Problem was, he wheeled it directly over Huck’s tail, unpleasantly rousing him from a deep slumber. Huck bolted up in shock. Martin scrambled from the chair and leapt over my desk to escape what he believed would be the unmerciful wrath of a ferocious animal, and I sat there momentarily contemplating what my life would have been like if I’d taken the LSATs.

“You’ve got to get that thing in a cage,” Martin said.

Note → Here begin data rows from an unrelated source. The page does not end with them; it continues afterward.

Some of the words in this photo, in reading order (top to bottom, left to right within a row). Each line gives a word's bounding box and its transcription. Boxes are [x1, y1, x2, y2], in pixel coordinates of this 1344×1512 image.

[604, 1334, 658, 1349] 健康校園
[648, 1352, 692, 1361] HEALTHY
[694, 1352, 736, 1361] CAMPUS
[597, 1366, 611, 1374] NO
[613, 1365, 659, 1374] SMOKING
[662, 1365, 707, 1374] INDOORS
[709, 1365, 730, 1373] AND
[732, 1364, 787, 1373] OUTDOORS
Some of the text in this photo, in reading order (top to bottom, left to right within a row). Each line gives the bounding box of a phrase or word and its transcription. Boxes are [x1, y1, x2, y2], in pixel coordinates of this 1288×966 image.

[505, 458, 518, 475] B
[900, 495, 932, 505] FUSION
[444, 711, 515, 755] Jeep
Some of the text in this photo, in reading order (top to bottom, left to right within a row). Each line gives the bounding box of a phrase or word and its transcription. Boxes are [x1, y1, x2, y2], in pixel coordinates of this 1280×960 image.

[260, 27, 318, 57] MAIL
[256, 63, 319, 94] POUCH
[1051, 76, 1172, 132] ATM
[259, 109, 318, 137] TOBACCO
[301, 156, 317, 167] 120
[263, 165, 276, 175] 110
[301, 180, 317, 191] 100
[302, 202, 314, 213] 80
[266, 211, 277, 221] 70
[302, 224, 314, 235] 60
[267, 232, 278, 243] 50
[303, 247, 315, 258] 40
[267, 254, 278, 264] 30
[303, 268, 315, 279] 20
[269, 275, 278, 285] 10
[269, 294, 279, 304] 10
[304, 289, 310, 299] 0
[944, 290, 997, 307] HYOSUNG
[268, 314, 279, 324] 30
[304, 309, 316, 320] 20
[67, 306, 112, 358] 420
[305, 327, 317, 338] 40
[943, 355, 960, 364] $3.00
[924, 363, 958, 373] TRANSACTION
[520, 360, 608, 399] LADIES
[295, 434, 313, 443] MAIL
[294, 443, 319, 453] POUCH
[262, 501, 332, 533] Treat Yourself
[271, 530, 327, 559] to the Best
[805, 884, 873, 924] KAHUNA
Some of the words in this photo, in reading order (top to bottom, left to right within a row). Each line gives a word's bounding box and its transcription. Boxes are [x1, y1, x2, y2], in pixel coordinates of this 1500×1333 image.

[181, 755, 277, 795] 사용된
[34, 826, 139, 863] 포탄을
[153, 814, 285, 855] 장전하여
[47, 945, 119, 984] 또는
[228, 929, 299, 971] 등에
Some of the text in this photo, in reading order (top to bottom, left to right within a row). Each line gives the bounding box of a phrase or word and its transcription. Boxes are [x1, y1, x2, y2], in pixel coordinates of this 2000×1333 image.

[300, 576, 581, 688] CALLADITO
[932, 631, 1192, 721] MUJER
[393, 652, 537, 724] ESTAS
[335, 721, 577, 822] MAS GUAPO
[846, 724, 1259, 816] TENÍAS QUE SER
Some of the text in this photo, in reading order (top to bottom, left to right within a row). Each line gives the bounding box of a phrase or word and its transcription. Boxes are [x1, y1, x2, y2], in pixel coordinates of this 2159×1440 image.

“He’s confined in the same cage that we all are,” I replied. I thought that was pretty profound. Martin eyed me like I had lost my mind.

Rather than respond, he said, “Every network, every newspaper, every blogger, every radio station, every mainstream website is going whole hog on the cop-as-murderer saga. Newsweek put out a story on its website quoting victims’ families from the sixties saying they always thought Mac Foley was an odd guy. FOX News is reporting that the White House is preparing an invitation to Hal Harrison for dinner with the president, in hopes of luring him into the Republican Party. CBS Radio is quoting defense lawyers all over Boston describing the shoddy investigative methods Foley used to employ in convicting other murderers. ‘Other murderers.’ They actually used that term, like Foley was already convicted.”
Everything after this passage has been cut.